Key checks to make when selecting an actively managed fund
We spend hours looking at various brands of watches or shoes to ensure we always buy the best of the best for ourselves. This same principle applies when shopping for a fund to invest in.
But sometimes, we don't necessarily know what we are looking for. This checklist will help in finding the right fund to invest in for yourself:
Checklist for fund selection
1. How long is the track record?
Obviously the longer, the better. However, from time to time an exceptionally talented fund manager with a long track record will set up his own shop. Some investors follow fund managers rather than funds, and this could be a good tip to bear in mind.
Such a fund would be well worth considering, especially as some of the bigger institutions might avoid investing until the fund is better established – giving you a good opportunity to be an early investor and have the chance to achieve higher returns from investment in a smaller fund .
2. Has the same fund manager been in place since inception?
Many asset managers will claim that funds are managed by more than 1 person (or a team), therefore, changes are irrelevant. Changes in the team from time to time are indeed perfectly acceptable, and sometimes not a bad idea! But constant change in the fund manager or managers is rarely a good sign.
3. What is the style of the fund and what is your risk appetite?
You will need the prospectus to check this out. If you always feel more comfortable with a ‘safe pair of hands’, and capital preservation is key for you, make sure that the fund is described as conservative, or sometimes, value. '
In general, an income-producing or dividend-focused fund would help with the capital preservation aspect. On the other hand, if you have no objections to a fund manager with highly volatile numbers, as long as he or she does extremely well over the long term, look for ‘aggressive’ or growth-oriented in the prospectus.
Some funds are held out as ‘balanced’, which means a combination of the 2 different styles just described.

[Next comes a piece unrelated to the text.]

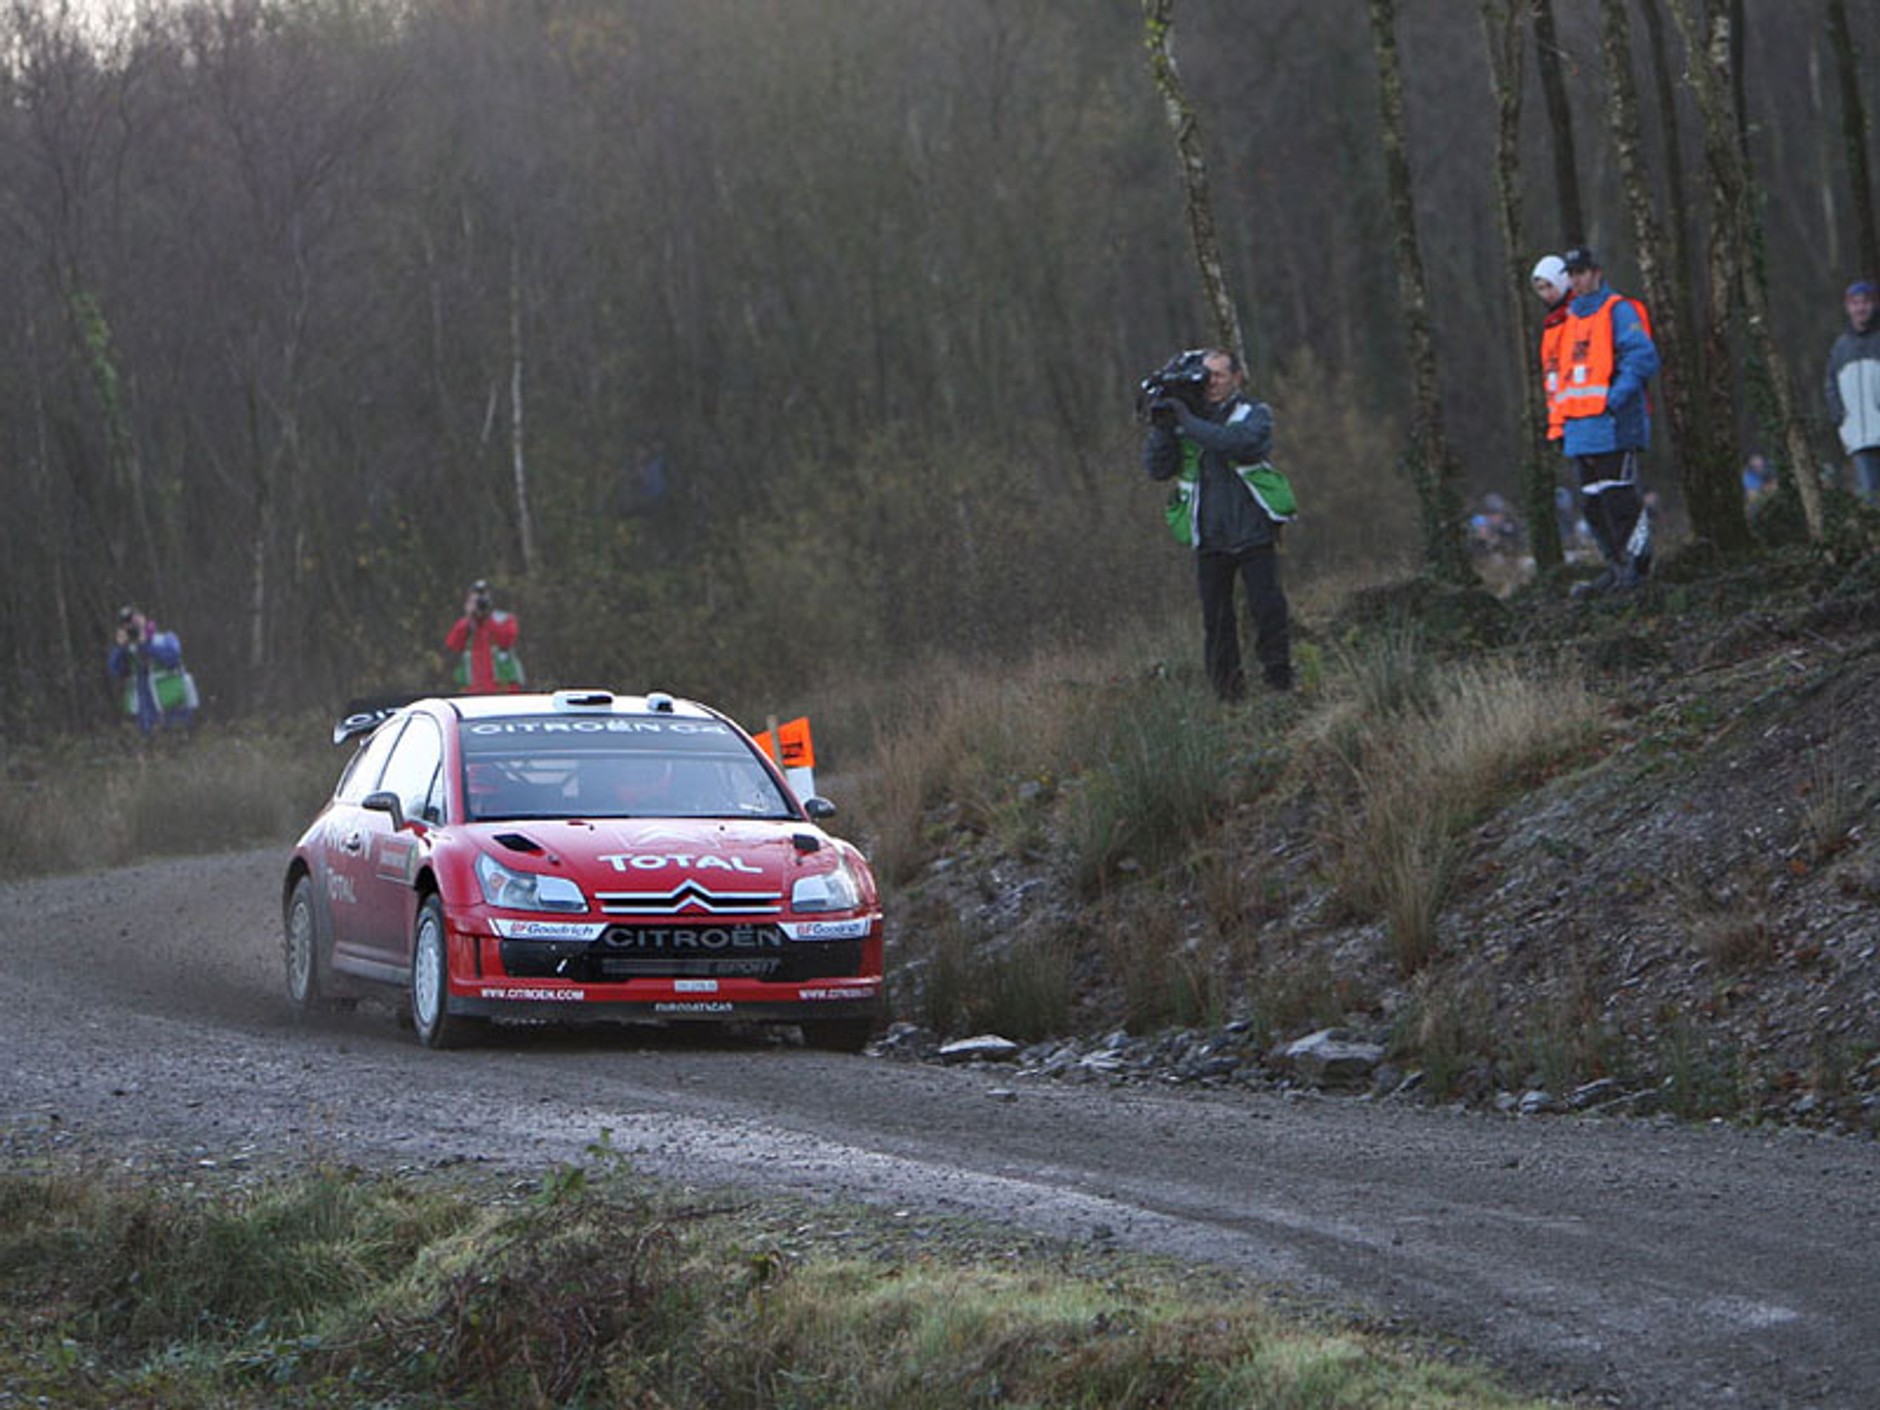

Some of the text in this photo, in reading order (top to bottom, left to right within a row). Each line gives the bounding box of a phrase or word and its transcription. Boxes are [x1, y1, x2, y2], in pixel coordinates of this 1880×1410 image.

[470, 719, 660, 735] CITROËN
[597, 853, 764, 873] TOTAL
[604, 923, 782, 948] CITROËN

And there are of course many specialized funds, eg. gold funds, biotechnology funds, globally diversified funds, country funds, etc.
These types of funds will always be more volatile than a domestic fund because the diversification is limited, and there may also be a forex risk involved. Checking whether the fund is hedged is also a good idea.

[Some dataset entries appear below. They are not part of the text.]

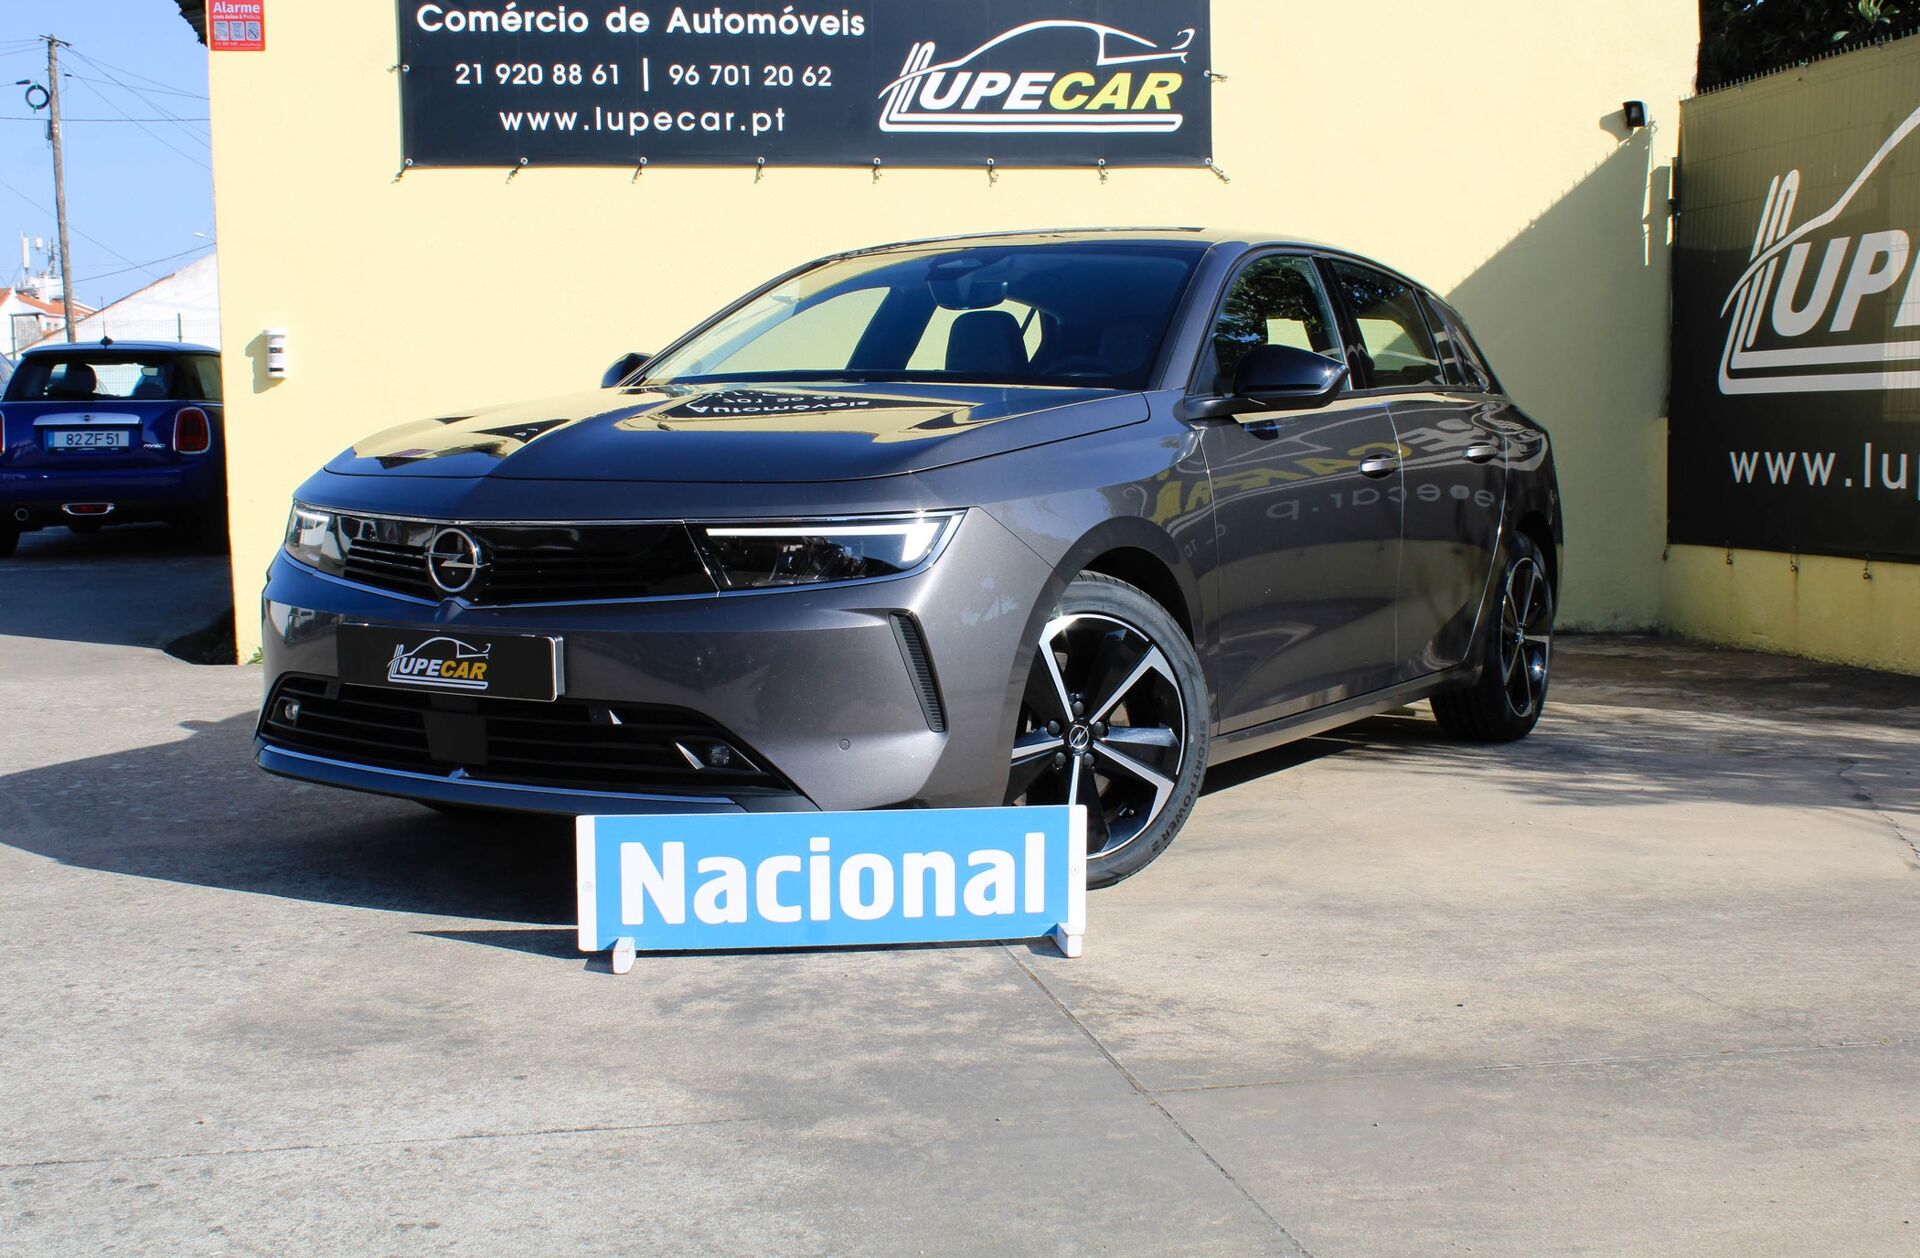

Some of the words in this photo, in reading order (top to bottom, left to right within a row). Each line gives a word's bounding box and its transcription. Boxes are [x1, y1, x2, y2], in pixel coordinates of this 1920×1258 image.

[213, 1, 260, 13] Alarme
[416, 2, 589, 33] Comércio
[605, 6, 650, 33] de
[666, 5, 865, 36] Automóveis
[455, 63, 482, 85] 21
[495, 63, 543, 85] 920
[552, 63, 583, 85] 88
[591, 64, 618, 85] 61
[668, 64, 700, 86] 96
[709, 64, 750, 86] 701
[763, 65, 794, 87] 20
[802, 65, 832, 87] 62
[499, 106, 785, 137] www.lupecar.pt
[66, 433, 82, 446] 82
[84, 433, 104, 446] ZF
[106, 433, 120, 446] 51
[1729, 442, 1920, 501] www.lu
[620, 832, 1045, 925] Nacional

4. What securities are actually held in the portfolio?
It makes sense to double check whether the securities held in the portfolio match with the style of fund. If the institution sponsoring the fund is very large and well-known, it is fairly unlikely that there is a mismatch.
For example, a fund described as conservative will typically hold a lot of blue-chips and quality yielding securities. A quick glance at the holdings to make sure will be enough.
5. What are the fees and expenses?
This is obviously a very important part of the due diligence process. Every fund is obliged to disclose its fees and expenses, and if you do not see them mentioned in detail in the prospectus, do not buy the fund! It is very important to know precisely what you are paying to the fund manager.
Check the fund's management fee, and whether there is a performance fee. While the range of fees and expenses can be huge, a good rule of thumb is to look for annual fees of less than 2%.
It is hard these days for the fund manager to justify charging more than that, because of the substantial drag on performance. If you cannot find a fund with reasonable charges, look at some US mutual funds – high fees on these funds are less common, due to fierce competition.
6. Does the fund offer daily liquidity?
The vast majority of actively managed funds offer daily liquidity. If the fund you are looking at lacks this, then be prepared to have your capital tied up for a while.
If the reason for offering reduced liquidity is that underlying assets are not ‘liquid’ enough, that should ring alarm bells.
7. How big is the fund?
Generally speaking, it is more challenging to successfully manage a very large fund compared to a smaller one. This is quite simply because statistically smaller stocks perform better than larger stocks over time, but a very large fund cannot easily invest in small stocks without negatively impacting the purchase or sell price. So unless the fund manager is truly exceptional (check that long term track record again!), a super-large sized fund will probably see lower returns.
Conclusion: The above checklist is by no means exhaustive, so always read the fund prospectus from cover to cover (yes, it may be boring, but extremely important!). Complete your due diligence, and all of the checklist questions about the fund (and any further questions you may have) should be answered.
Only then should you make a decision on whether you want to invest in that fund.